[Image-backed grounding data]

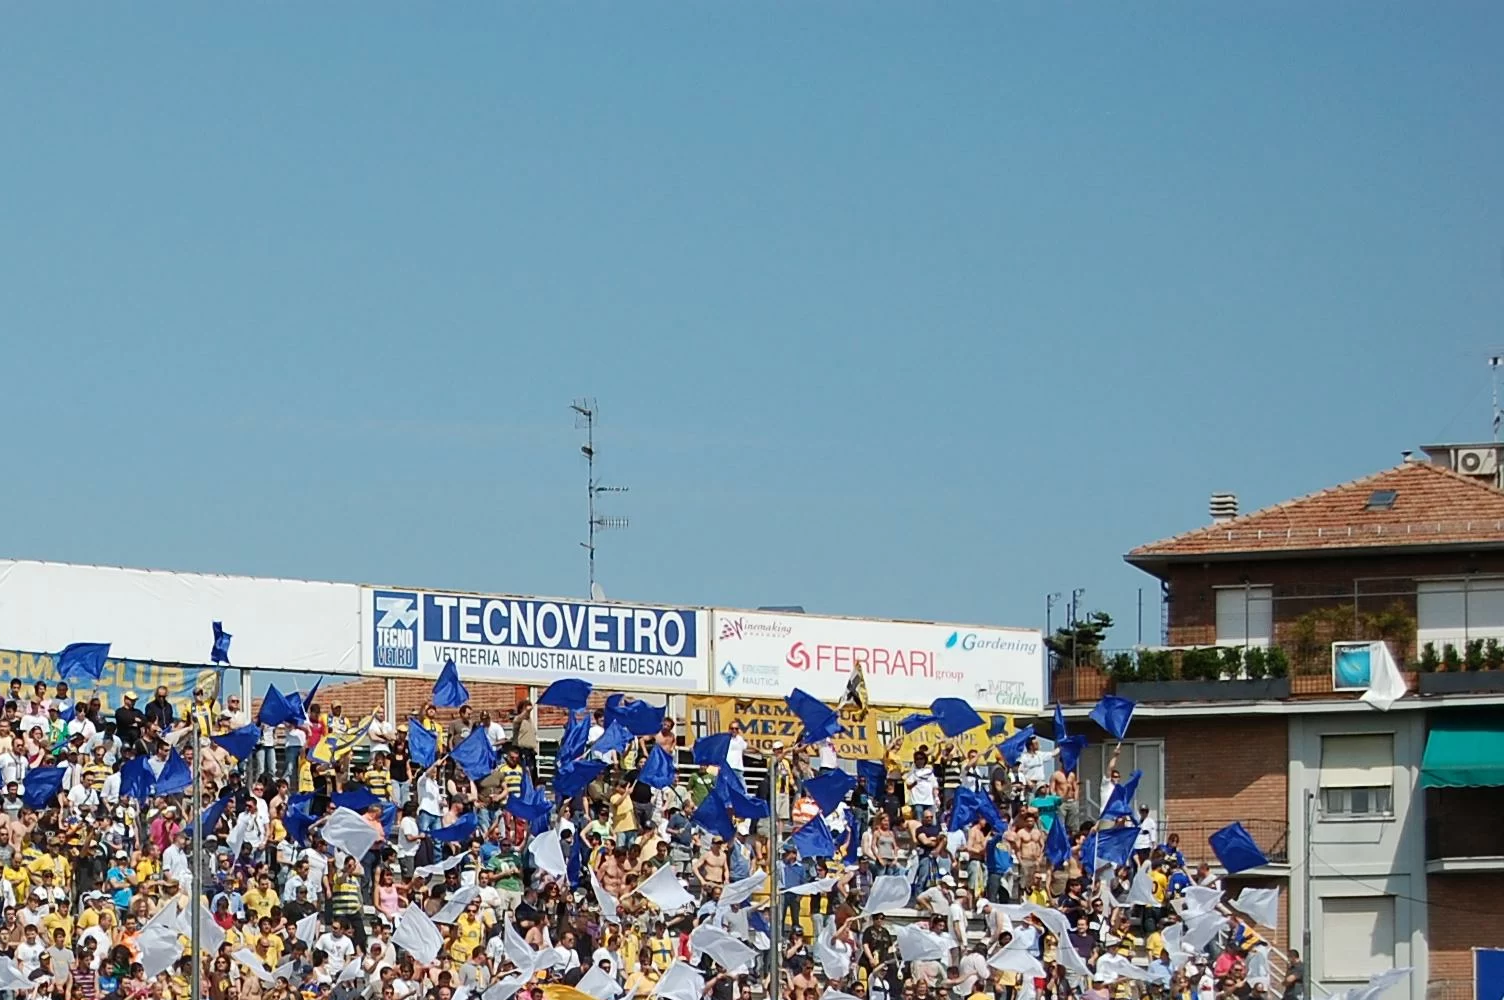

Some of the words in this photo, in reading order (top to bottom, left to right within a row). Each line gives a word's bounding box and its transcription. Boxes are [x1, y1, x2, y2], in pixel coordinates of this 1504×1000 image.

[434, 596, 686, 656] TECNOVETRO
[377, 627, 414, 649] TECNO
[962, 633, 1037, 656] Gardening
[378, 647, 414, 667] VETRO
[433, 645, 500, 666] VETRERIA
[508, 650, 595, 672] INDUSTRIALE
[609, 657, 684, 677] MEDESANO
[816, 645, 934, 677] FERRARI
[935, 671, 964, 682] group
[734, 702, 793, 717] PARM
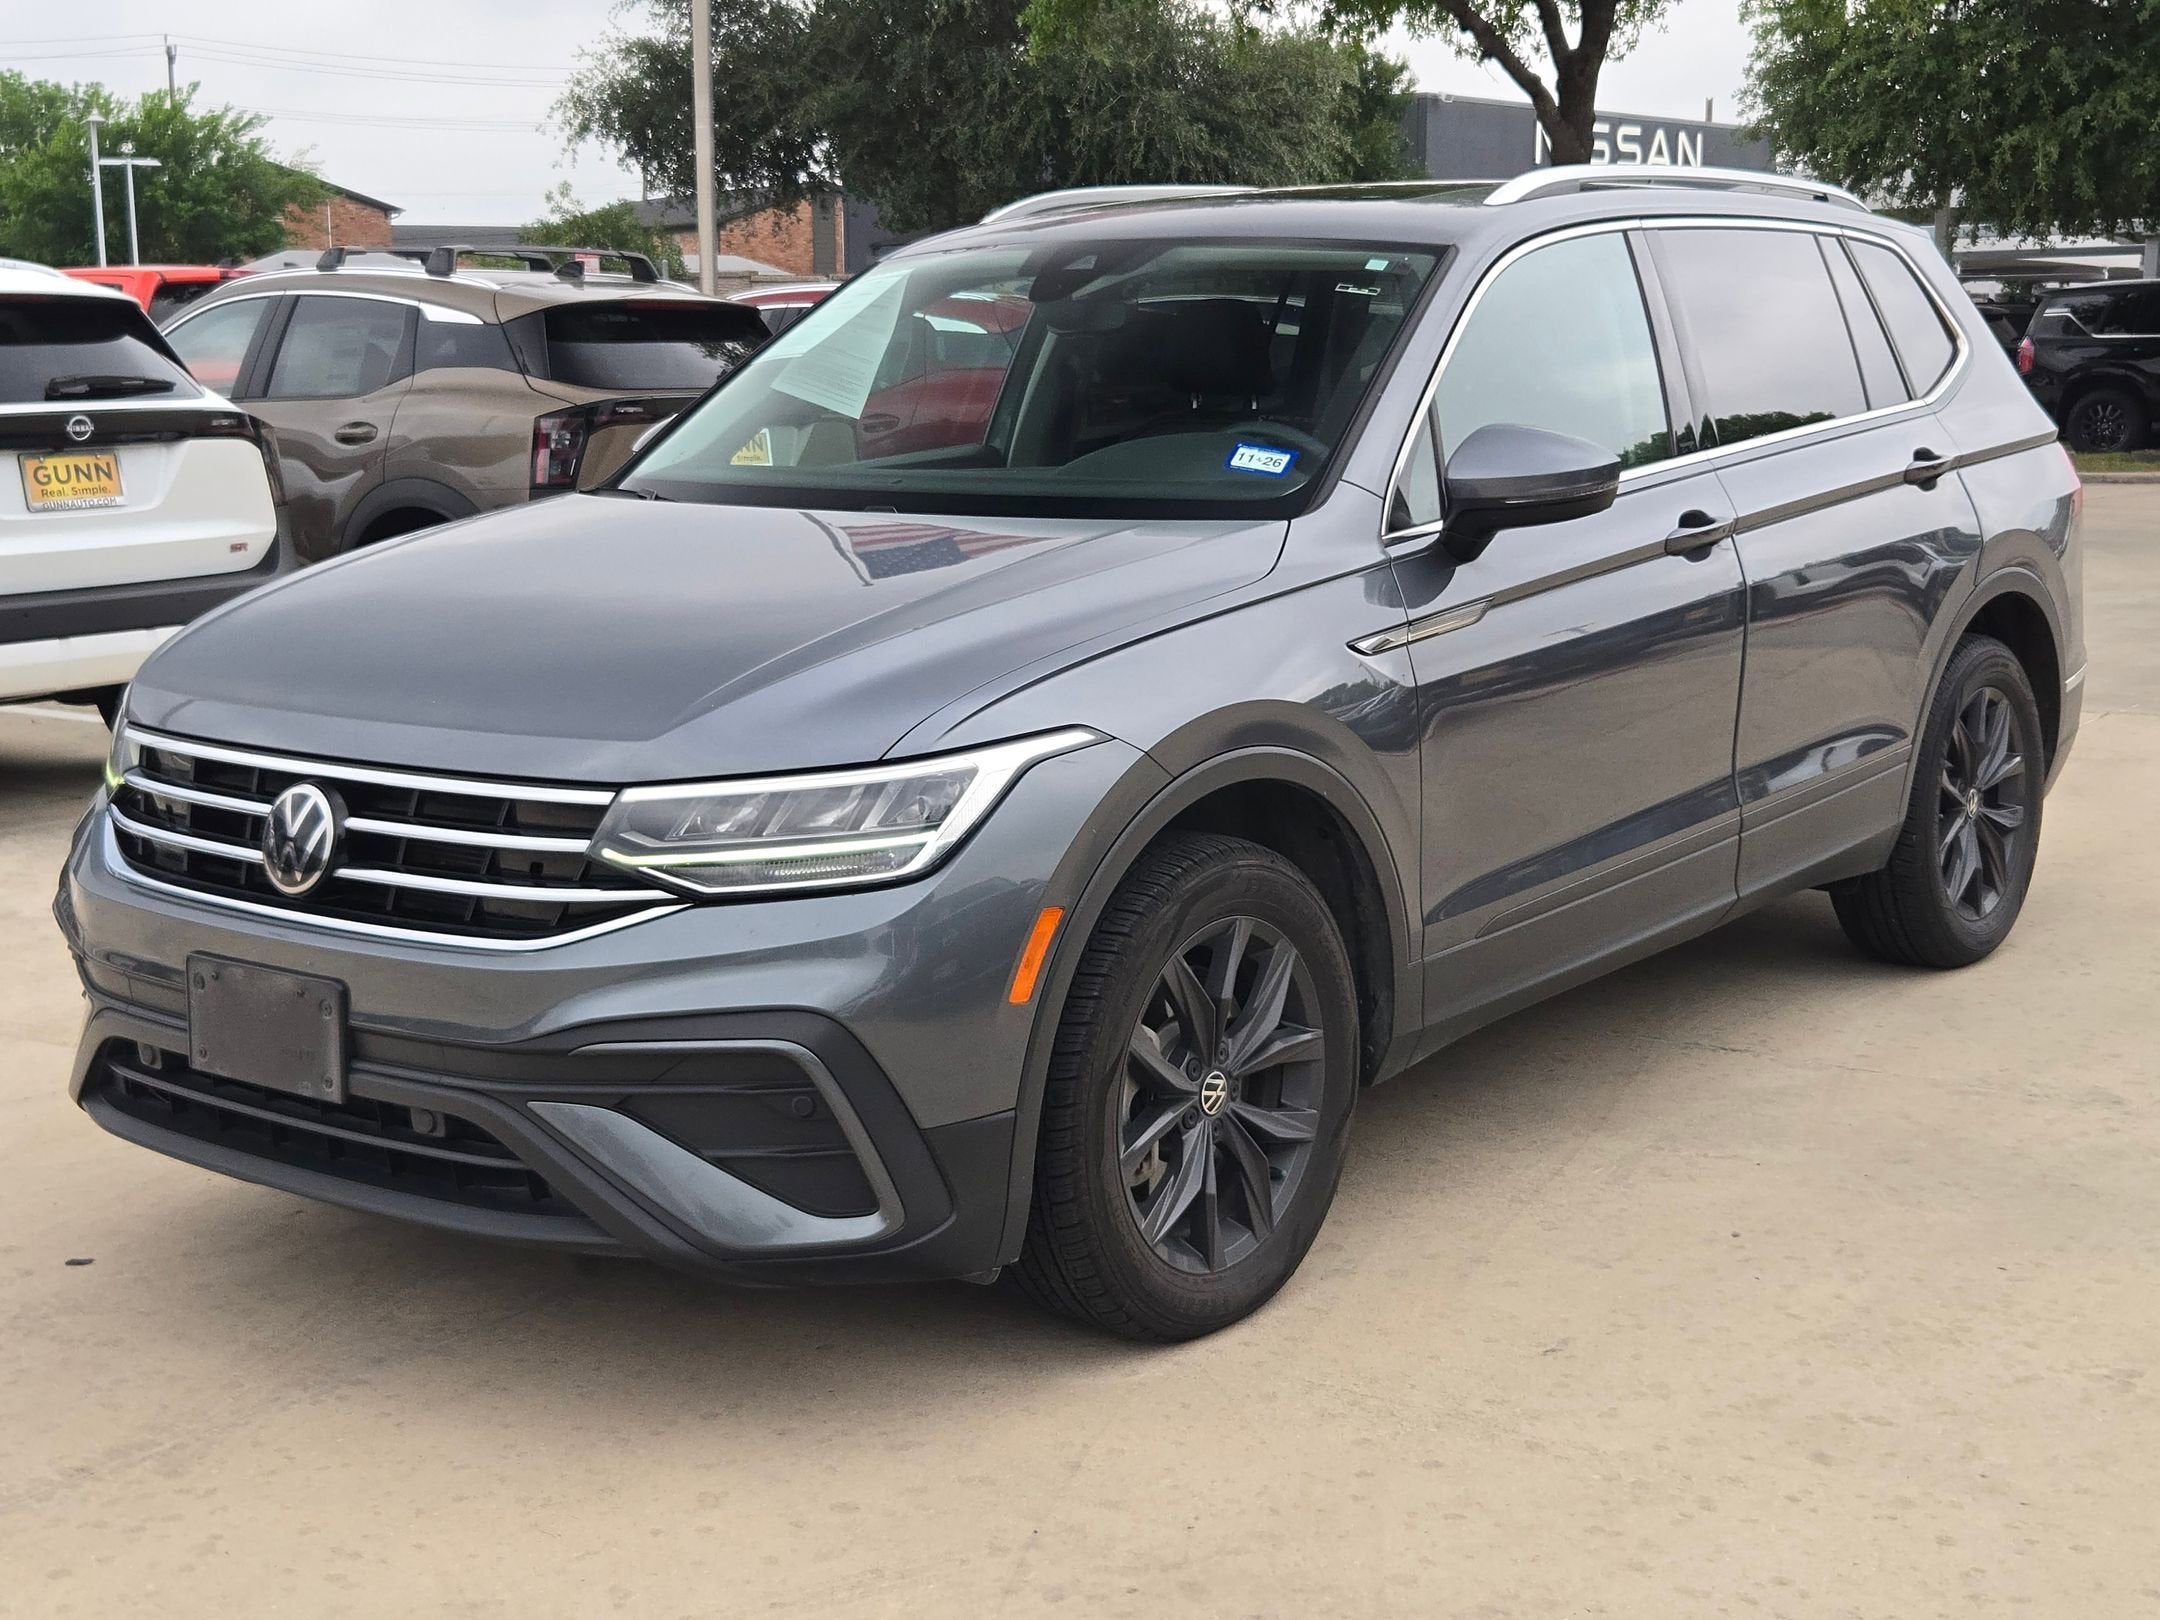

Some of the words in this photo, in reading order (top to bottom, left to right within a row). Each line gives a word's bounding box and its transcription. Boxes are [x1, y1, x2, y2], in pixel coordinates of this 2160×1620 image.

[1535, 118, 1703, 167] NSSAN
[33, 461, 114, 487] GUNN
[41, 487, 69, 499] Real.
[71, 485, 111, 498] Simple.
[43, 496, 118, 510] GUNNAUTO.COM

[TASK ITEM]
Give the data again exactly, without pictures.

[FINAL ANSWER]
Some of the words in this photo, in reading order (top to bottom, left to right within a row). Each line gives a word's bounding box and its transcription. Boxes are [x1, y1, x2, y2], in pixel coordinates of this 1504×1000 image.

[434, 596, 686, 656] TECNOVETRO
[377, 627, 414, 649] TECNO
[962, 633, 1037, 656] Gardening
[378, 647, 414, 667] VETRO
[433, 645, 500, 666] VETRERIA
[508, 650, 595, 672] INDUSTRIALE
[609, 657, 684, 677] MEDESANO
[816, 645, 934, 677] FERRARI
[935, 671, 964, 682] group
[734, 702, 793, 717] PARM

Some of the words in this photo, in reading order (top to bottom, left to right within a row). Each line gives a word's bounding box and its transcription. Boxes are [x1, y1, x2, y2], in pixel coordinates of this 2160×1620 image.

[1535, 118, 1703, 167] NSSAN
[33, 461, 114, 487] GUNN
[41, 487, 69, 499] Real.
[71, 485, 111, 498] Simple.
[43, 496, 118, 510] GUNNAUTO.COM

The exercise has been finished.